Хироко улыбнулась, наблюдая за Питером, — он стал ее жизнью, особенно после того, как была потеряна связь с родителями. Хироко отчаянно скучала по семье, ей хотелось услышать, что у родителей все хорошо. Она знала только, что Юдзи служит в военно-воздушных войсках. Хироко понимала, что оставаться в неведении придется до конца войны. Часто думая о родителях и брате, она молилась за них. Она даже не знала, сможет ли поддерживать связь с Питером, когда он уйдет в армию. Питер пообещал писать, и Хироко надеялась, что ей удастся получать его письма, и наоборот.
— Ты удивительная женщина, — негромко проговорил Питер, наблюдая, как она ест яблоко, глядя в ее честные, открытые глаза, светящиеся добротой. Ему нравилось, как она хлопочет, вечно чем-то занятая, немногословная, но деловитая, а еще нравилось смотреть, как она играет с Тами.

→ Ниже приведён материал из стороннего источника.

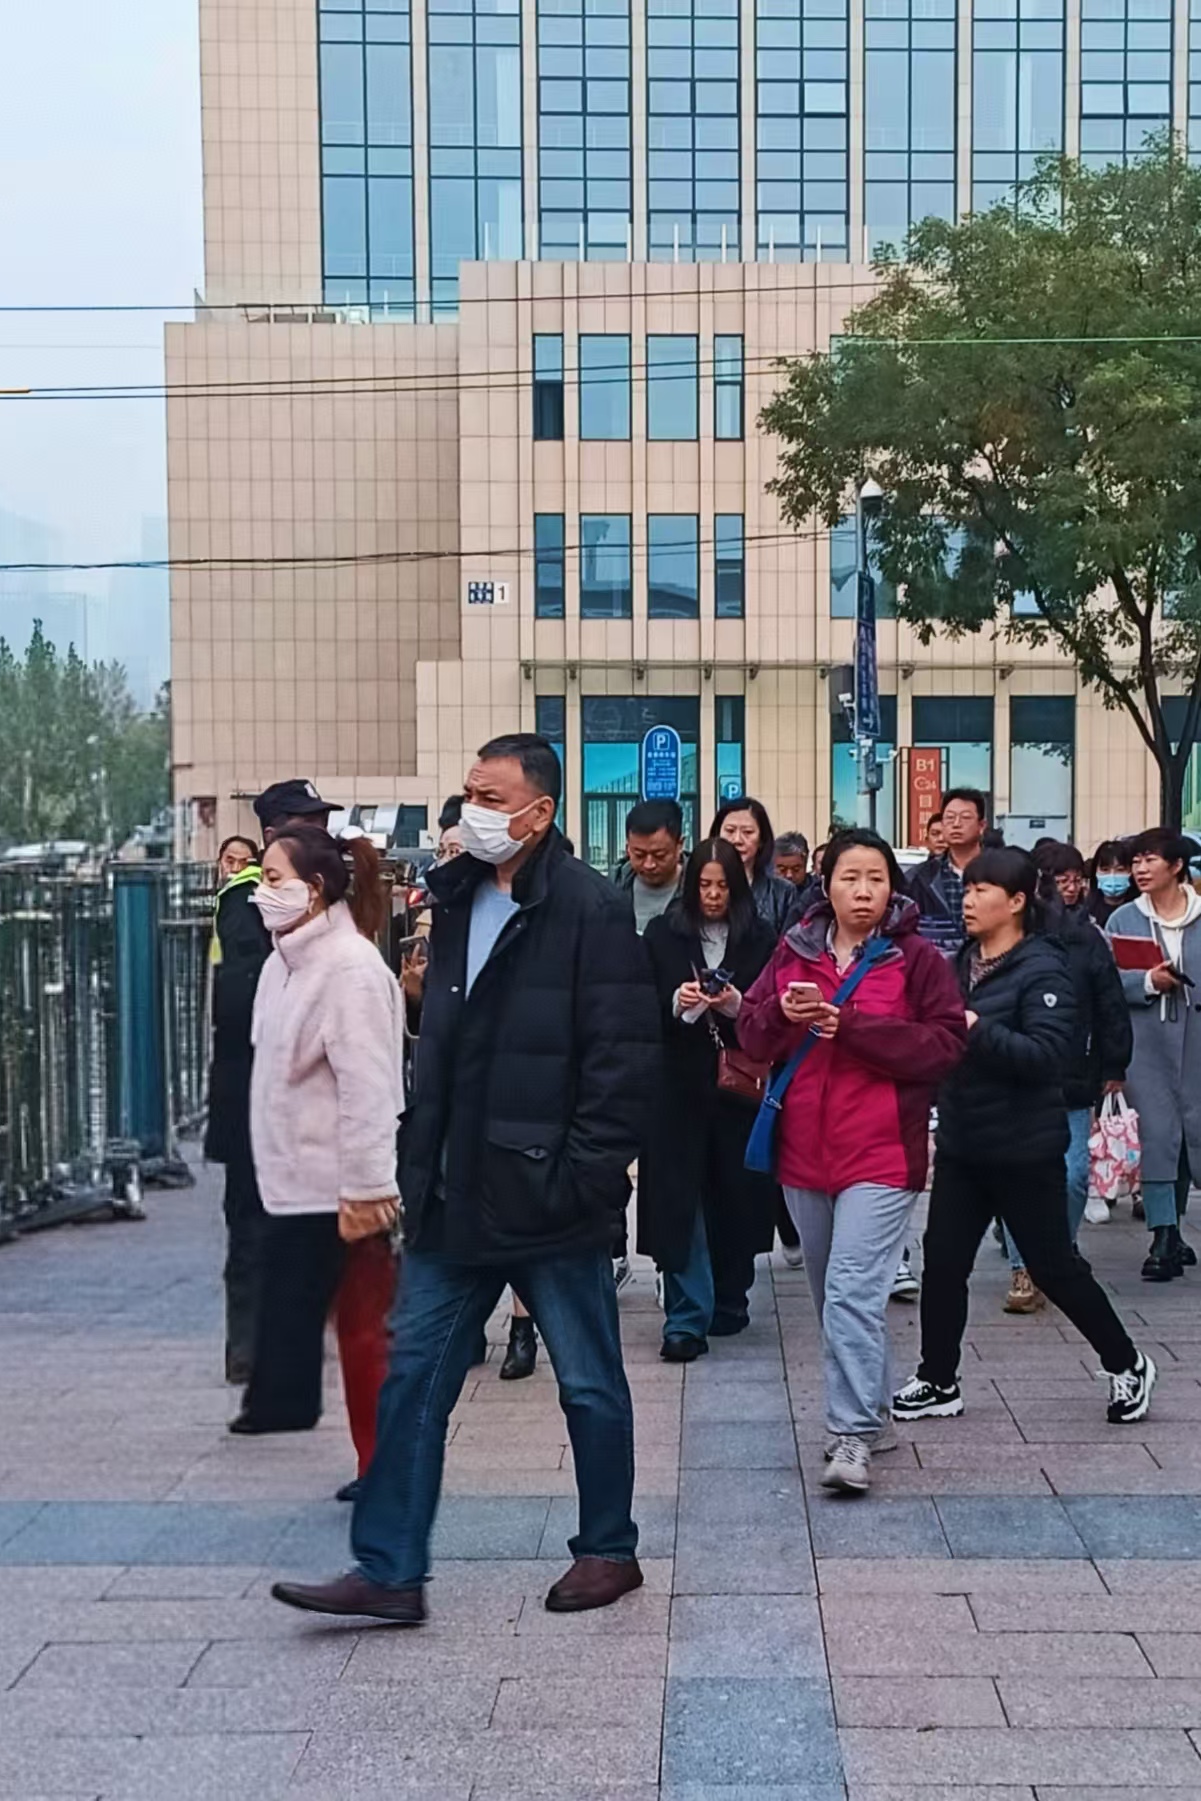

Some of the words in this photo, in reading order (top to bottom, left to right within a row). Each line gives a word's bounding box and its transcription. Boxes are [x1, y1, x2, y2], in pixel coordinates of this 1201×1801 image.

— Я просто глупая девчонка, — возразила она с улыбкой, прекрасно сознавая свою «второсортность» даже среди своего народа, хотя отец убеждал ее в обратном. Он говорил, что Хироко имеет право на все, что только захочет, и когда-нибудь совершит самый важный поступок в жизни.
— Нет, ты не просто девчонка, — покачал головой Питер, склонился и поцеловал ее, а старушка с мальчиком, проходящая мимо, недовольно отвернулась. В конце концов, Питер был белым.